*Extracted data:*
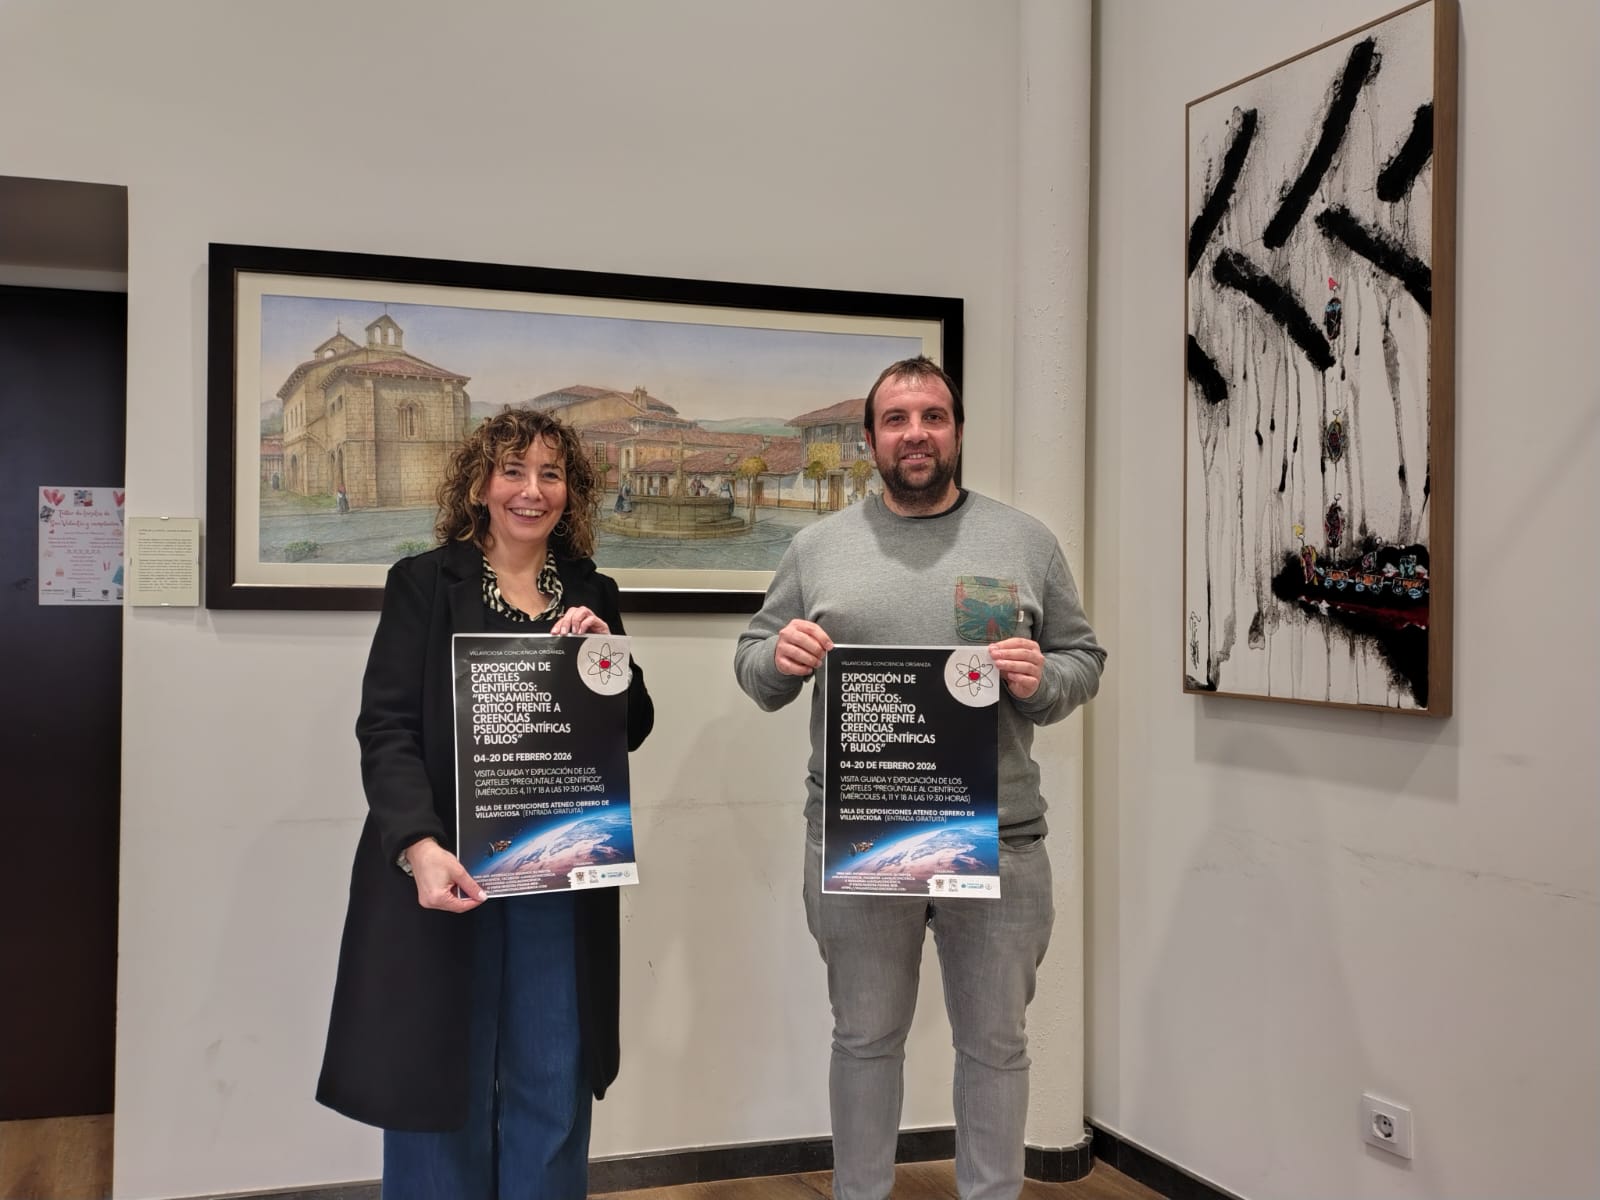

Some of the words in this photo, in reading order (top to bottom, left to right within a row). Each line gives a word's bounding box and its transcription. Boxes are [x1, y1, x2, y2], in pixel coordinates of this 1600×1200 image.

[471, 660, 535, 673] EXPOSICIÓN
[538, 662, 551, 671] DE
[471, 672, 520, 682] CARTELES
[842, 672, 901, 683] EXPOSICIÓN
[904, 674, 917, 684] DE
[842, 683, 886, 693] CARTELES
[516, 702, 551, 712] FRENTE
[554, 703, 561, 712] A
[473, 713, 530, 723] CREENCIAS
[881, 714, 915, 723] FRENTE
[918, 714, 926, 724] A
[473, 721, 571, 734] PSEUDOCIENTÍFICAS
[841, 723, 894, 732] CREENCIAS
[474, 736, 481, 745] Y
[841, 731, 936, 744] PSEUDOCIENTÍFICAS
[841, 743, 848, 752] Y
[474, 754, 500, 763] 04-20
[503, 754, 514, 762] DE
[516, 753, 552, 761] FEBRERO
[553, 752, 572, 761] 2026
[840, 761, 864, 769] 04-20
[866, 761, 877, 769] DE
[879, 761, 915, 770] FEBRERO
[917, 762, 936, 770] 2026
[531, 767, 573, 776] EXPLICACIÓN
[475, 778, 509, 787] CARTELES
[893, 776, 938, 784] EXPLICACIÓN
[580, 783, 604, 793] HORAS)
[944, 794, 970, 804] HORAS)
[504, 803, 549, 811] EXPOSICIONES
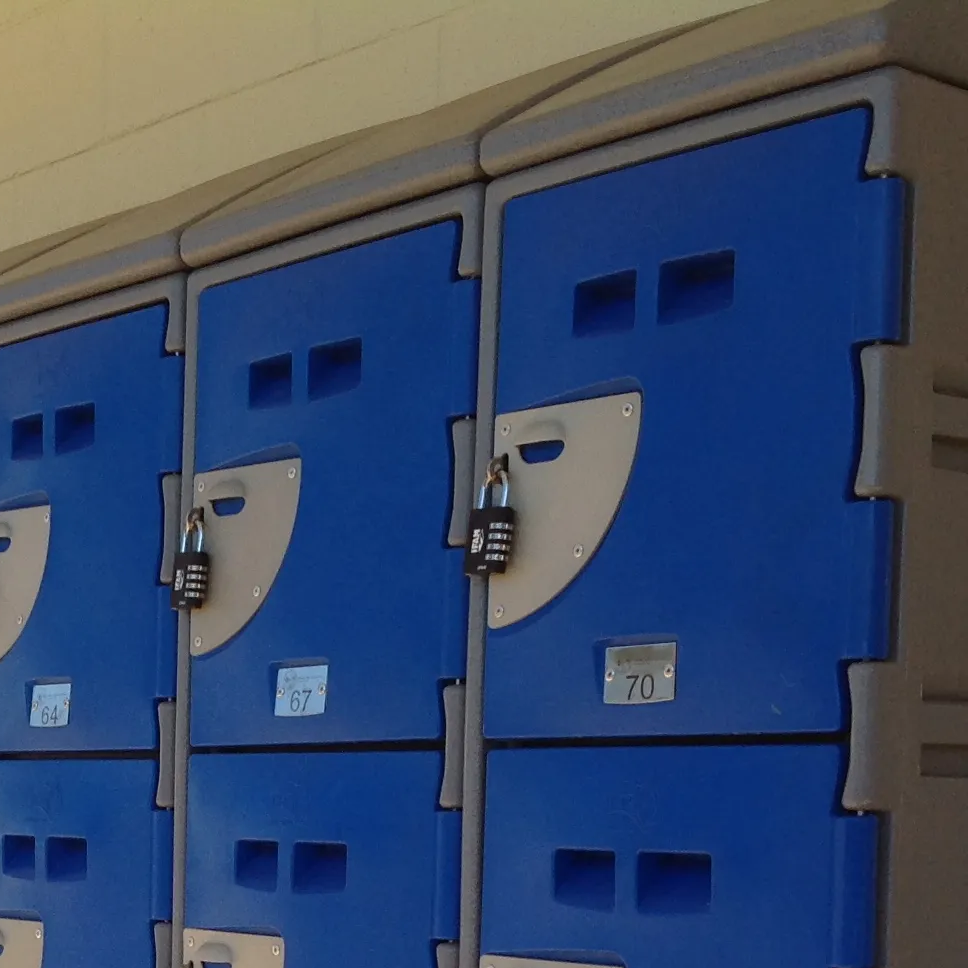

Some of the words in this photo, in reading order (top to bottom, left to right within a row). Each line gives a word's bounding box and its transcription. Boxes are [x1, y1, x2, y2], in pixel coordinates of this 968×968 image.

[626, 674, 655, 701] 70
[289, 688, 313, 713] 67
[41, 704, 59, 725] 64
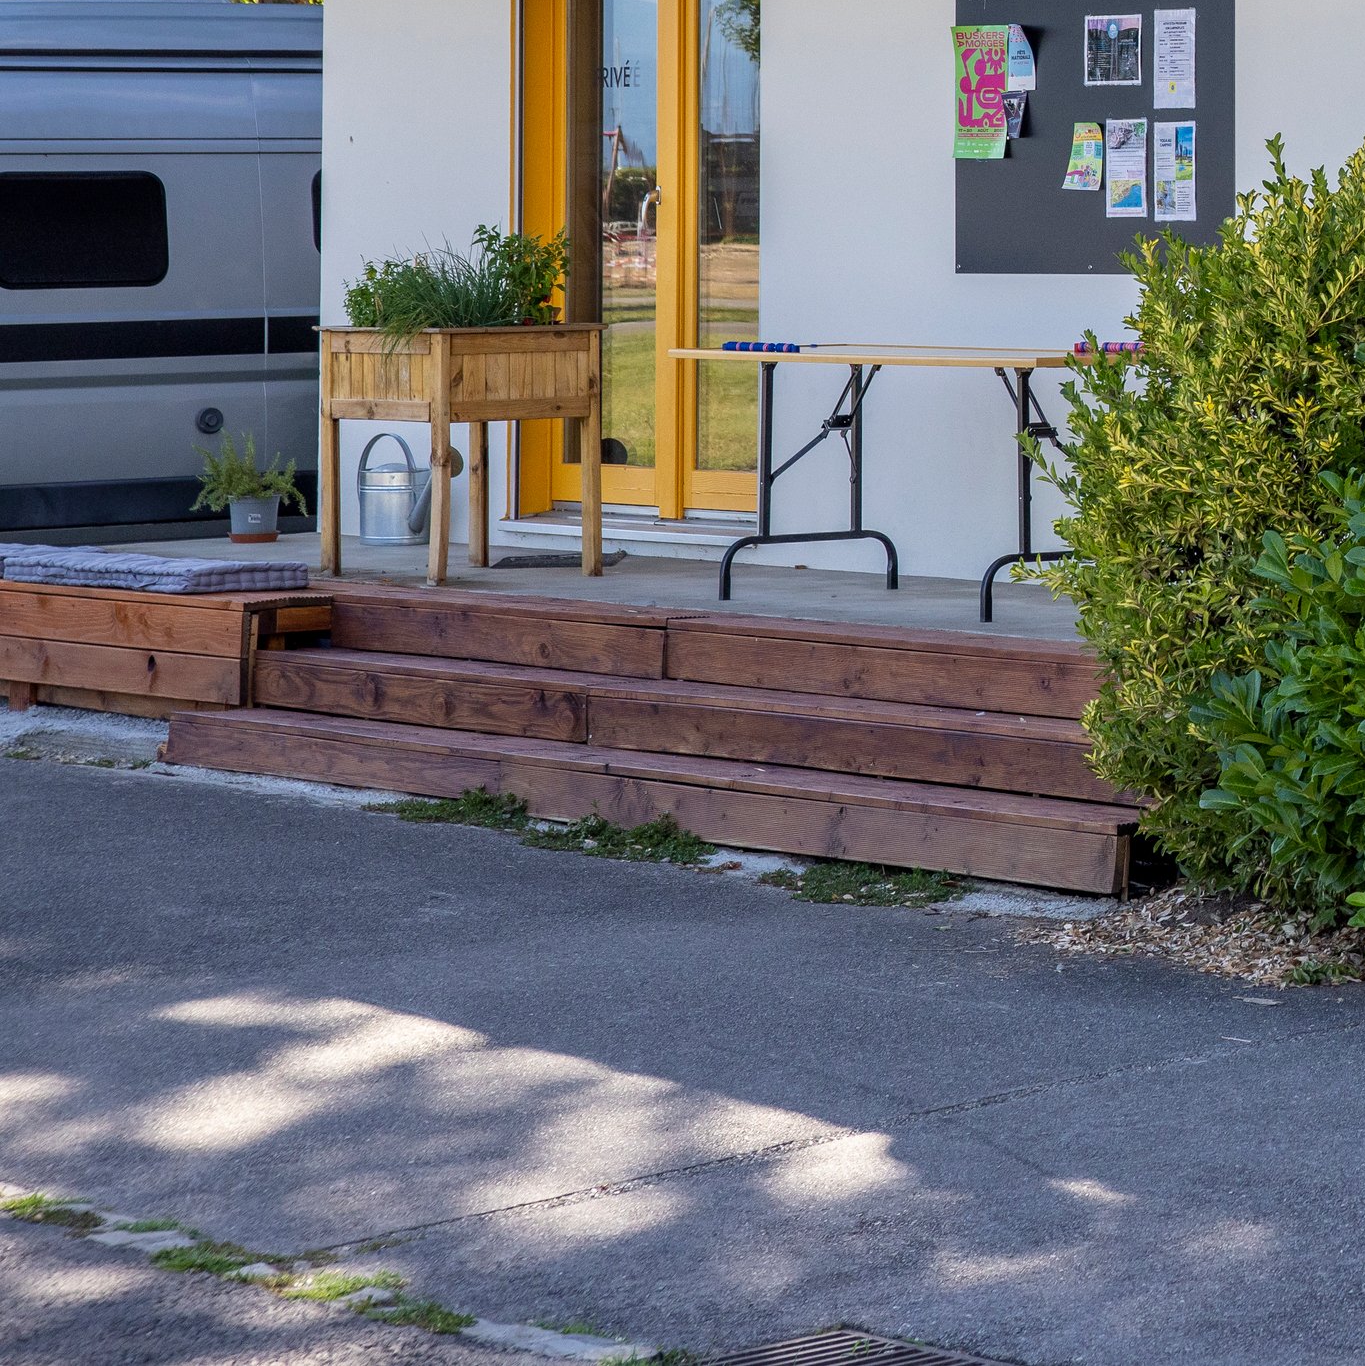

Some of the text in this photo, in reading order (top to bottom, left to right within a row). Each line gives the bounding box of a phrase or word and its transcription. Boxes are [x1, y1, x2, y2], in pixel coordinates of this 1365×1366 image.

[956, 31, 1005, 40] BUSKERS
[965, 39, 1005, 47] MORGES
[600, 59, 630, 88] RIVÉ
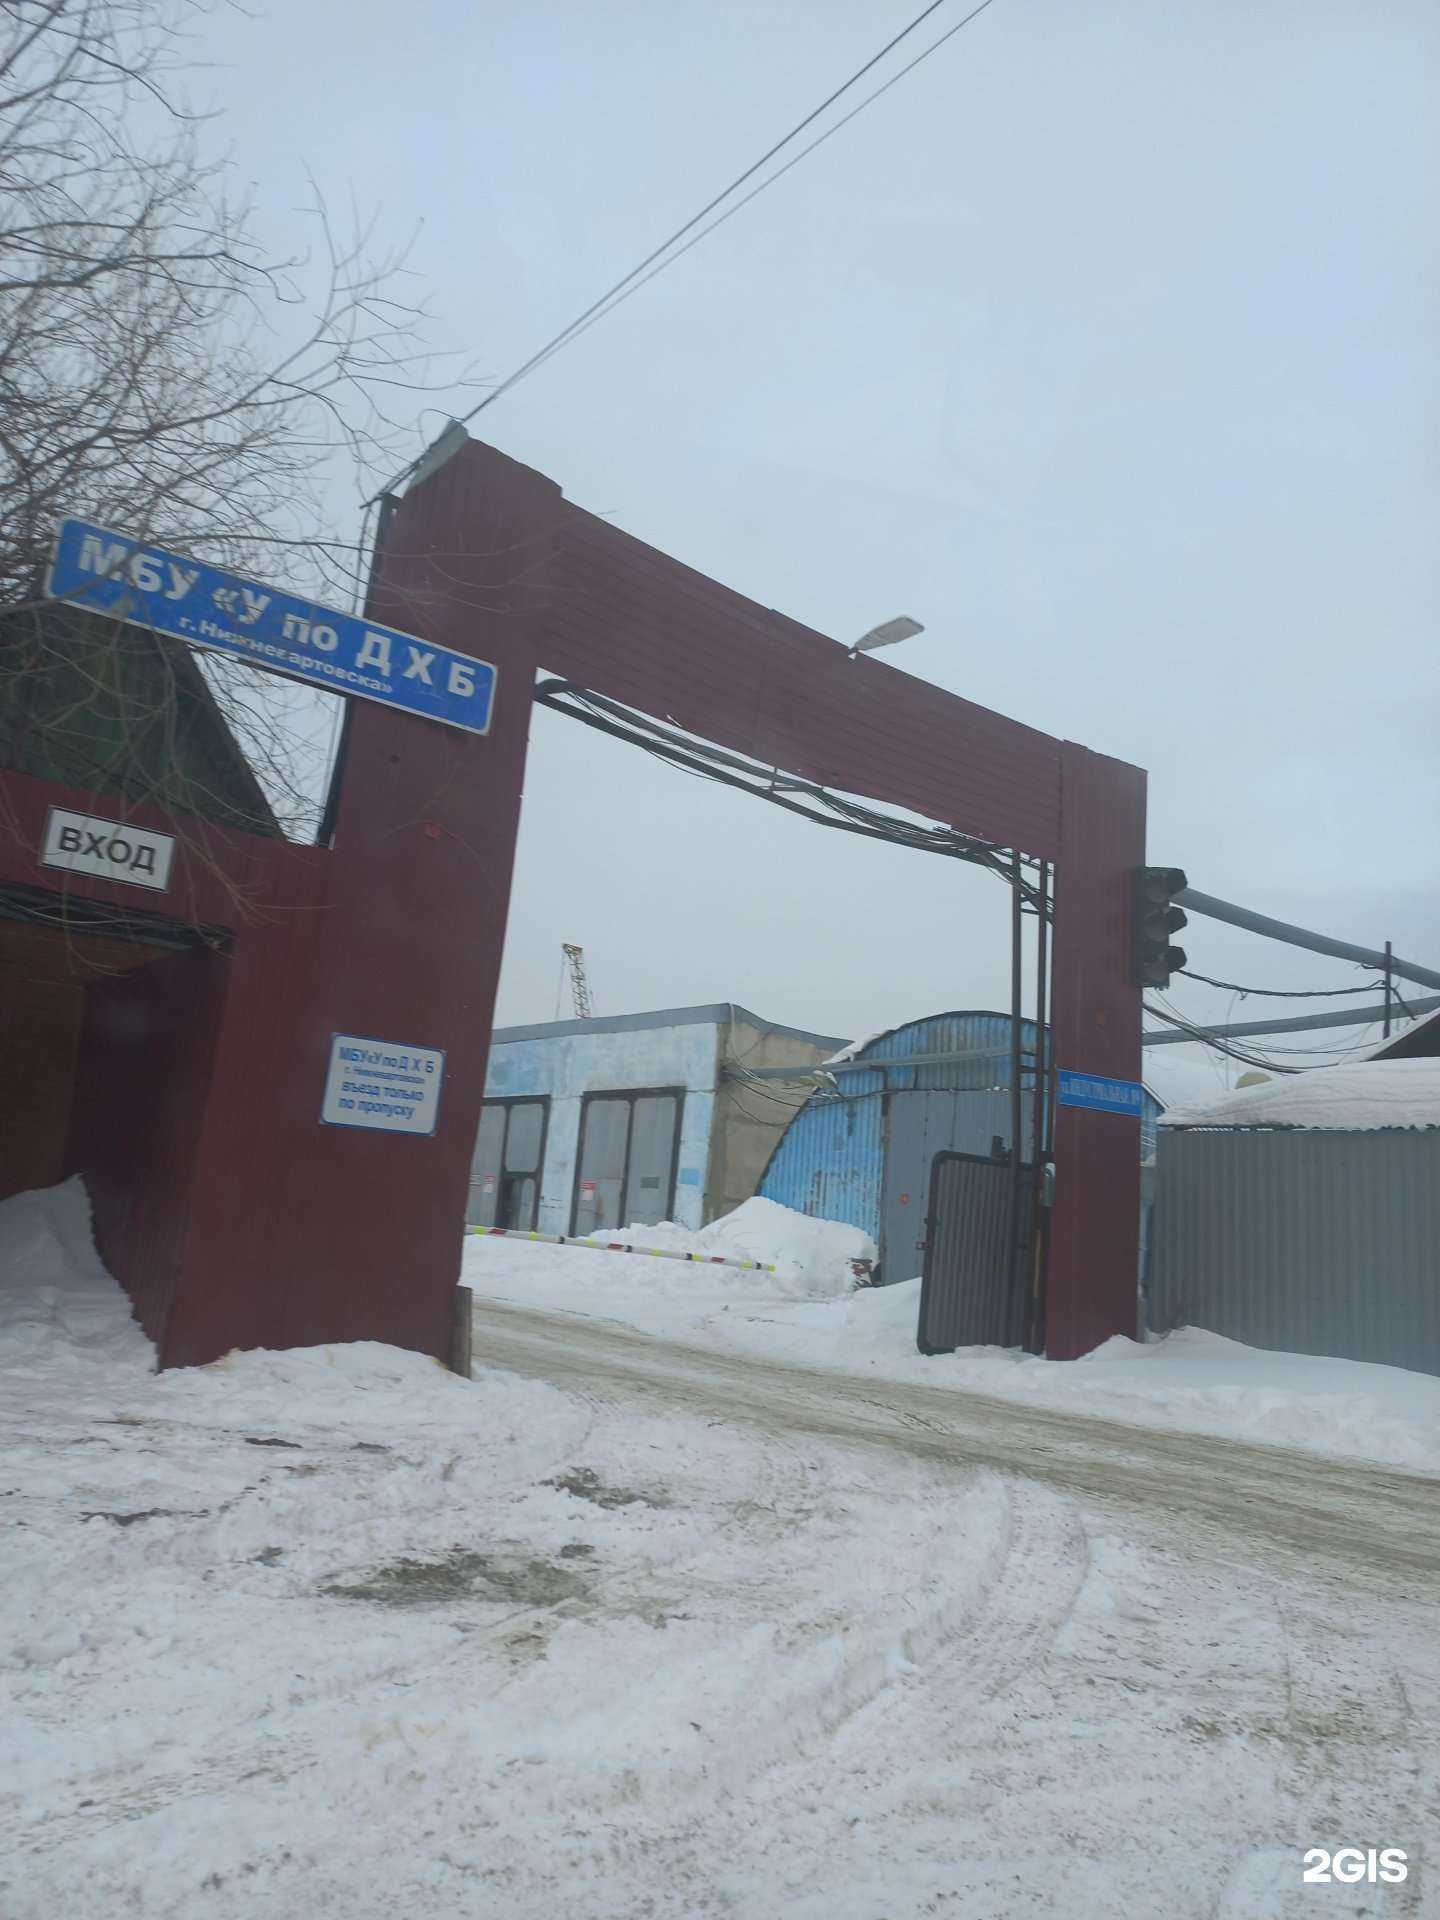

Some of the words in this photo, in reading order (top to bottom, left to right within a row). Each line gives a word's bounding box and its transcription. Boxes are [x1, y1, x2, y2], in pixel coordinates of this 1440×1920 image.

*Work instruction:* Your output should be the records above, duplicated exactly and picture-free.

*Reply to the task:*
Some of the words in this photo, in reading order (top to bottom, left to right within a row). Each line gives a word's bounding box and its transcription. Boxes are [x1, y1, x2, y2], in pixel coordinates of this 1600×1200 image.

[471, 660, 535, 673] EXPOSICIÓN
[538, 662, 551, 671] DE
[471, 672, 520, 682] CARTELES
[842, 672, 901, 683] EXPOSICIÓN
[904, 674, 917, 684] DE
[842, 683, 886, 693] CARTELES
[516, 702, 551, 712] FRENTE
[554, 703, 561, 712] A
[473, 713, 530, 723] CREENCIAS
[881, 714, 915, 723] FRENTE
[918, 714, 926, 724] A
[473, 721, 571, 734] PSEUDOCIENTÍFICAS
[841, 723, 894, 732] CREENCIAS
[474, 736, 481, 745] Y
[841, 731, 936, 744] PSEUDOCIENTÍFICAS
[841, 743, 848, 752] Y
[474, 754, 500, 763] 04-20
[503, 754, 514, 762] DE
[516, 753, 552, 761] FEBRERO
[553, 752, 572, 761] 2026
[840, 761, 864, 769] 04-20
[866, 761, 877, 769] DE
[879, 761, 915, 770] FEBRERO
[917, 762, 936, 770] 2026
[531, 767, 573, 776] EXPLICACIÓN
[475, 778, 509, 787] CARTELES
[893, 776, 938, 784] EXPLICACIÓN
[580, 783, 604, 793] HORAS)
[944, 794, 970, 804] HORAS)
[504, 803, 549, 811] EXPOSICIONES

Some of the words in this photo, in reading order (top to bottom, left to right within a row). Each line gives a word's bounding box and its transcription. Boxes are [x1, y1, x2, y2], in pixel coordinates of this 968×968 image.

[626, 674, 655, 701] 70
[289, 688, 313, 713] 67
[41, 704, 59, 725] 64

Some of the text in this photo, in reading order (top to bottom, left to right within a row). Each line gives the bounding box of a phrase or word and its transcription. Boxes are [x1, y1, x2, y2], in pixel coordinates of this 1365×1366 image.

[956, 31, 1005, 40] BUSKERS
[965, 39, 1005, 47] MORGES
[600, 59, 630, 88] RIVÉ

Some of the words in this photo, in reading order (top to bottom, left to right within a row). Each line gives a word's bounding box and its transcription. Boxes are [x1, y1, x2, y2], in pixel coordinates of this 1440×1920 image.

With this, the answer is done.